Julie Johnston-Ahlen

Of Counsel

Overview

Julie has represented a wide range of corporations, law firms, investment ventures, partnerships and individuals.

She has significant courtroom experience in state and federal courts, including federal bankruptcy courts. Julie has a broad litigation practice that has recently focused on energy disputes, real estate disputes, bankruptcy and electronic discovery. She also has experience litigating cases involving contracts, intellectual property, fraud, fiduciary relationships, class action defense, antitrust, employment, partnerships and closely held corporations.

Julie has significant experience in all aspects of electronic discovery, and routinely works with clients, vendors and opposing counsel to streamline the electronic discovery process and make it more efficient and less costly. In addition, Julie provides value to clients by advising them on steps they can take before litigation to minimize the burdens and costs of complying with electronic discovery obligations. Julie holds an MBA as well as a law degree, and before attending law school, she had her own information technology consulting firm that provided information technology consulting services to corporations for 5+ years.

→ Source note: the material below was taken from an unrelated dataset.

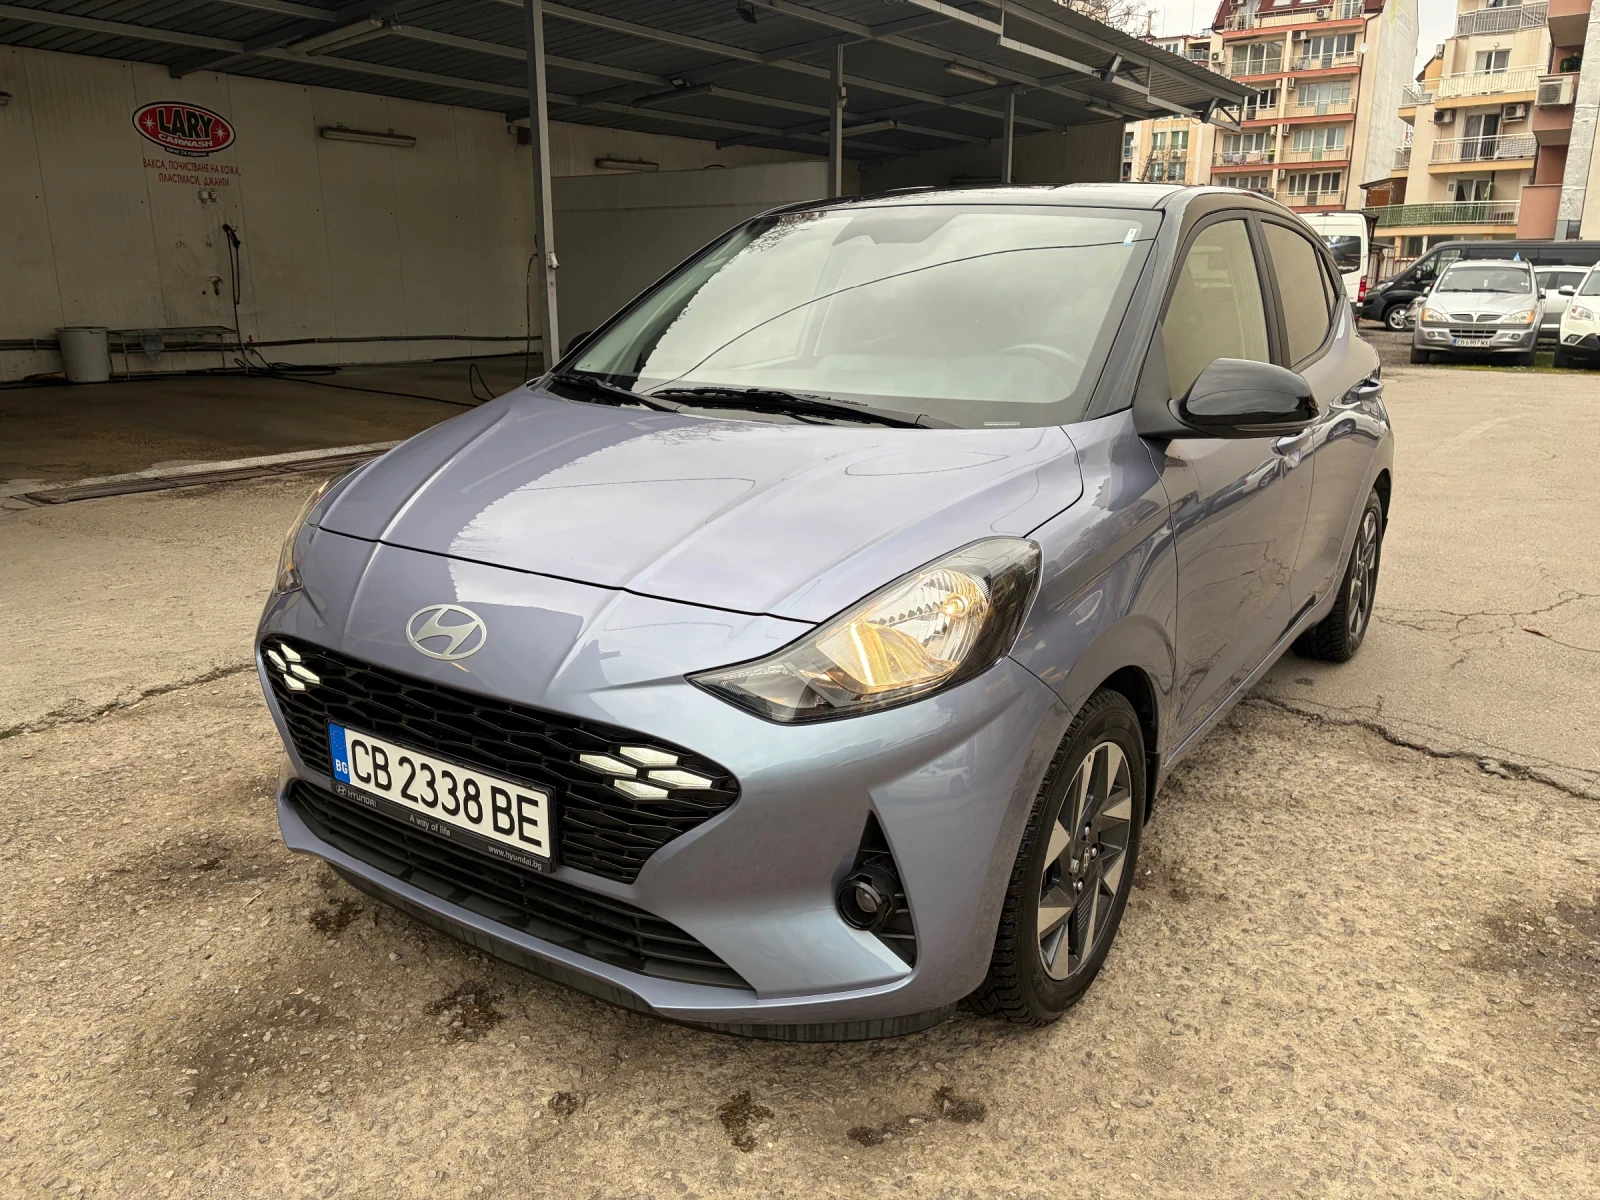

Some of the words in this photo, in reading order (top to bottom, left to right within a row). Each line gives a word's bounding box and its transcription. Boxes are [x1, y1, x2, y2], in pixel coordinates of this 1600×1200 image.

Before joining Novack and Macey LLP, Julie was an associate in Mayer Brown’s bankruptcy practice group. She was born in New York in 1971, and presently resides in Oak Park, Illinois.

EDUCATION

  • Wells College (B.A. 1992), Phi Beta Kappa
  • University of Minnesota, Carlson School of Management (M.B.A. 1994)
  • University of Minnesota Law School (J.D. 2002), Order of the Coif

Speeches & Publications

  • Author, Chapter 2, “Personal Liability in Closely Held Entities,” Handbook on Disputes Involving Closely Held Companies, published by the Illinois Institute of Continuing Legal Education, 2015.
  • Author, “Surprise! It’s a Subpoena: My company has been served with a subpoena. What should I do?” Smart Business Chicago, Spring 2015. View PDF.
  • Author, “Preferential Payments: How to keep money paid to you by a customer that goes bankrupt,” Smart Business Chicago, October 2013. View PDF.